We asked our team members which Barbie marketing tactics stood out the most to them and while some had specific tactics come to mind, many thought the overall marketing strategy was at the core of its genius.
“I think what’s most refreshing is they [the Barbie team] are just having a ball and not taking themselves too seriously. Everyone is so self-important online, and we need to remember to have fun as well. Brands don’t need to be 100% buttoned-up and boring.” —Joe Kahler, Co-Director of Digital Marketing
The unexpected brand partnership with Airbnb that helped bring Barbie’s legendary Malibu dreamhouse to life, proved to us that life in plastic certainly is fantastic. With Ken as the “host”, Airbnb showed their playful side with their listing, “Located in sunny Malibu, the oceanfront mansion features panoramic views and serves as the perfect backdrop for Ken’s picture-plastic paradise. Fans will be able to request to book Ken’s bedroom in the Malibu DreamHouse for two individual one-night stays** for up to two guests each on July 21 and July 22, 2023. All stays will be free of charge – because Ken couldn’t figure out how to put a price on Barbie’s Malibu DreamHouse – after all, Ken’s thing is beach, not math!”
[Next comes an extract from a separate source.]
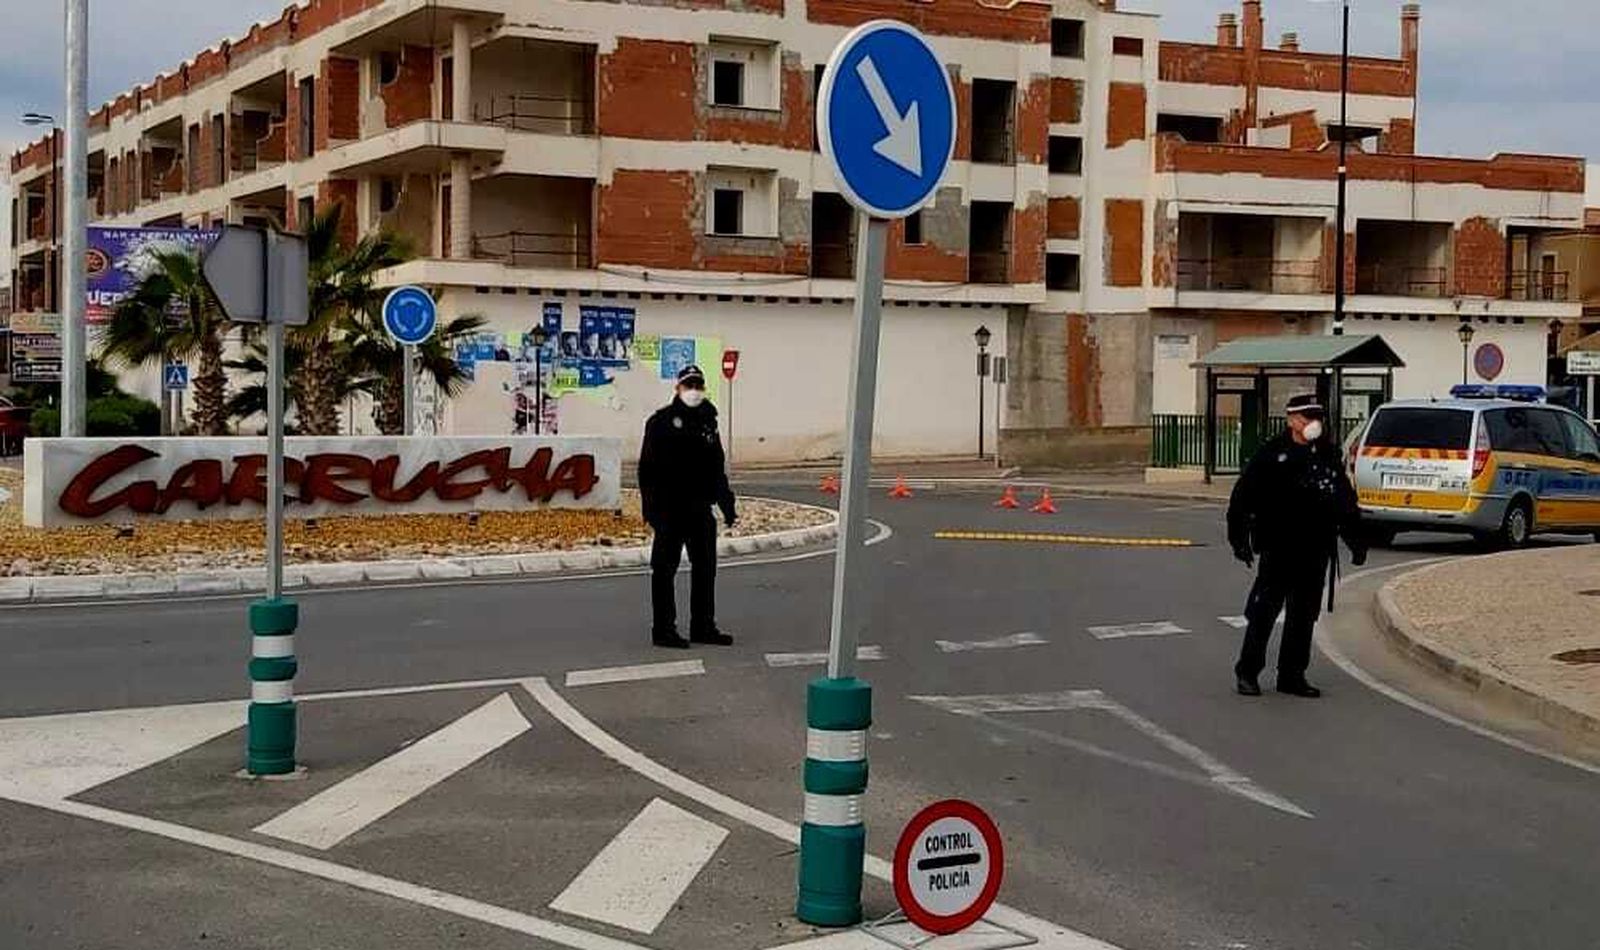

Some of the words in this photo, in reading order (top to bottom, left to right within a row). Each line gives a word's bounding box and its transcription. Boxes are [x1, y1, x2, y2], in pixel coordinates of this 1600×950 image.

“Humor subversively sells the merch while also honoring the “dream” of Barbie. And there is so much merch! Of course, tapping into the controversy and myriad of interpretations and definitions of fashion, femininity and feminism (a conversation around long before Barbie was made) brought tons of attention too. Yet it’s the humor that truly captures this cultural moment – and brings new audiences. In other words: perfect marketing.” —Terri Lee, Account Director
We think this video, Ken Things Ryan Gosling Can’t Live Without, speaks for itself.
Barbie is for everybody.
“The Barbie movie is far more credible, as opposed to what I thought was going to be an audience of pink-obsessed little girls. As someone who didn’t have a Barbie doll (they were not anatomically correct, my mom said) I assumed the movie would be fluffy and silly. But with Greta Gerwig directing, plus all the companies jumping on the bandwagon, I feel less embarrassed about wanting to see the film!” —Jen Malchiodi, Account Director
Barbie is not just breaking hearts, she’s breaking stereotypes. Brands like Xbox and Playground Games, a popular video game developer, that are closely related to masculinity, have collaborated with Barbie to bridge the gap between Barbie’s femininity and the male audience. These types of unexpected partnerships send a refreshing message: if you love Barbie, if you hate Barbie, this movie is for you.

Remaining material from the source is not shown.